Les manifestations du devoir de collaboration entre les parties impliquent que celles-ci facilitent l’exécution du contrat. Il y a défaut de collaboration si le cocontractant rend impossible/difficile l’exécution du contrat, par exemple, en ne participant pas à la définition et l’expression de ses besoins (absence de cahier des charges), ou encore, en ne précisant pas le choix du matériel adapté, au regard des nécessités de la prestation.
Ainsi, le client est tenu par une obligation de coopération, d'implication, de dialogue avec son prestataire informatique.
Dans l’arrêt du 5 juin 2019, les juges ont décidé que la conception ou la refonte d’un site internet exige la participation active du client. Celui-ci est tenu de fournir les informations nécessaires au prestataire, faute de quoi, il ne peut mener à bien sa mission. Il en résulte que cette « collaboration fait nécessairement partie du périmètre contractuel ».

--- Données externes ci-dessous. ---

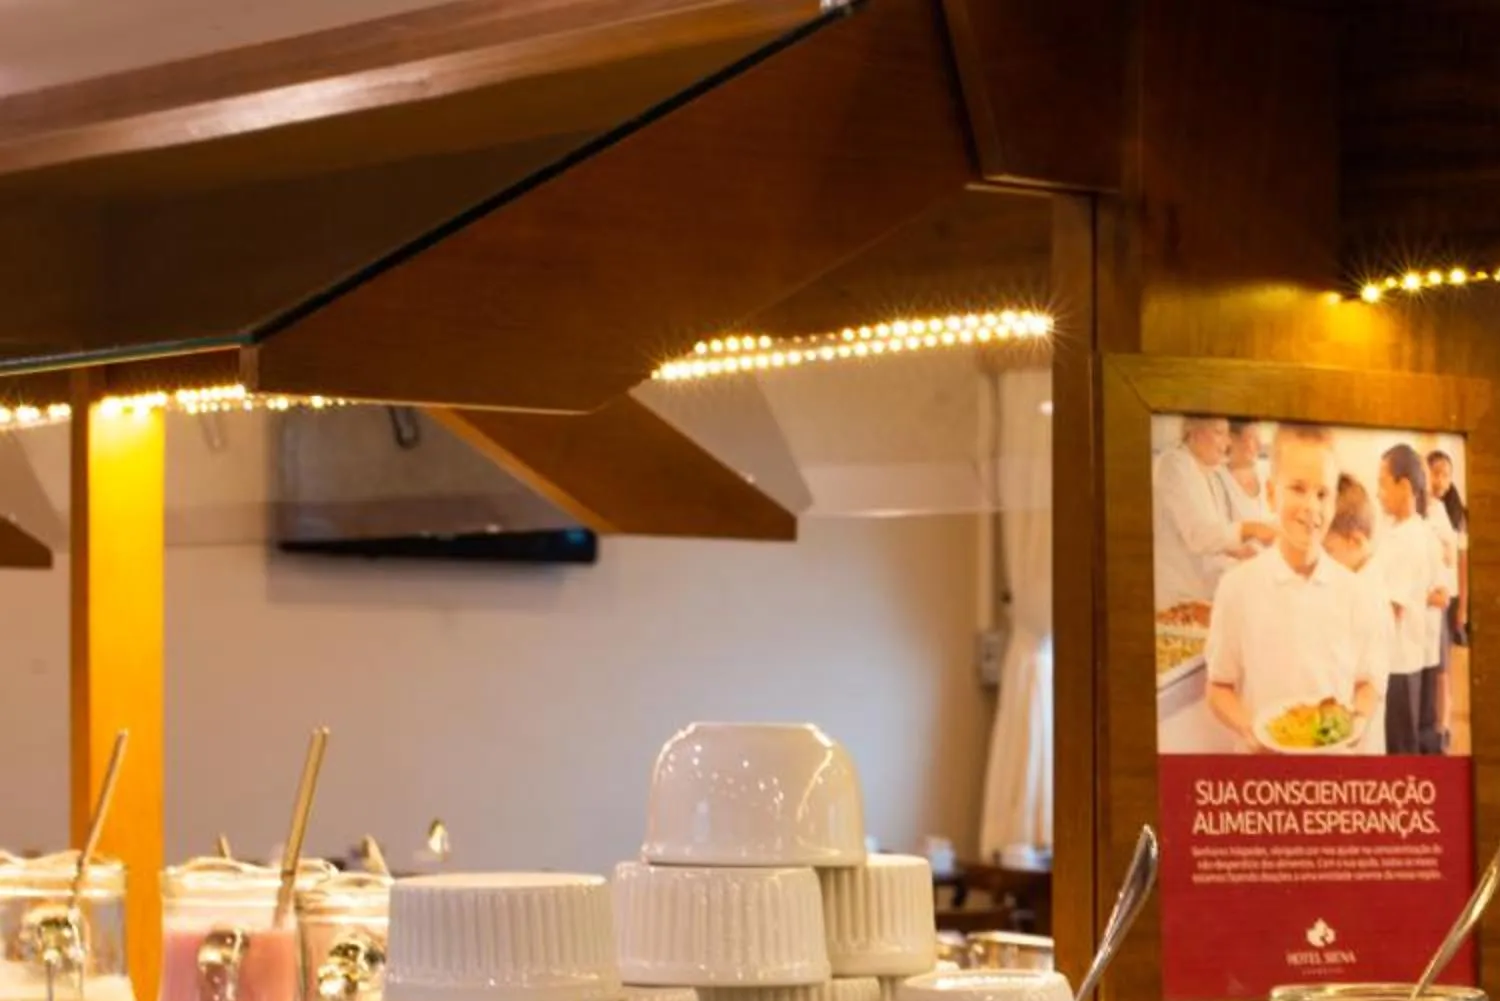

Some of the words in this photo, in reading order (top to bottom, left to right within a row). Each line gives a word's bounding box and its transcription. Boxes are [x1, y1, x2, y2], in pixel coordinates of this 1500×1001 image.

[1195, 780, 1238, 805] SUA
[1242, 775, 1436, 809] CONSCIENTIZAÇÃO
[1192, 810, 1299, 835] ALIMENTA
[1302, 810, 1440, 838] ESPERANÇAS.

Or, en l’espèce, le prestataire informatique n’avait pas remis ses conditions générales de vente à la cliente. Mais la Cour reste indifférente aux stipulations contractuelles informatiques, car elle précise que l’obligation de collaboration entre « nécessairement dans le périmètre contractuel » quand bien même aucune clause ne la prévoit.
En conclusion, le contrat informatique bénéficie -comme tous les contrats- d’une obligation d’exécution de bonne foi. Mais celle-ci est bien plus exigeante dans les prestations informatiques puisqu’elle implique une véritable initiative de la part du client dans la détermination de ses besoins.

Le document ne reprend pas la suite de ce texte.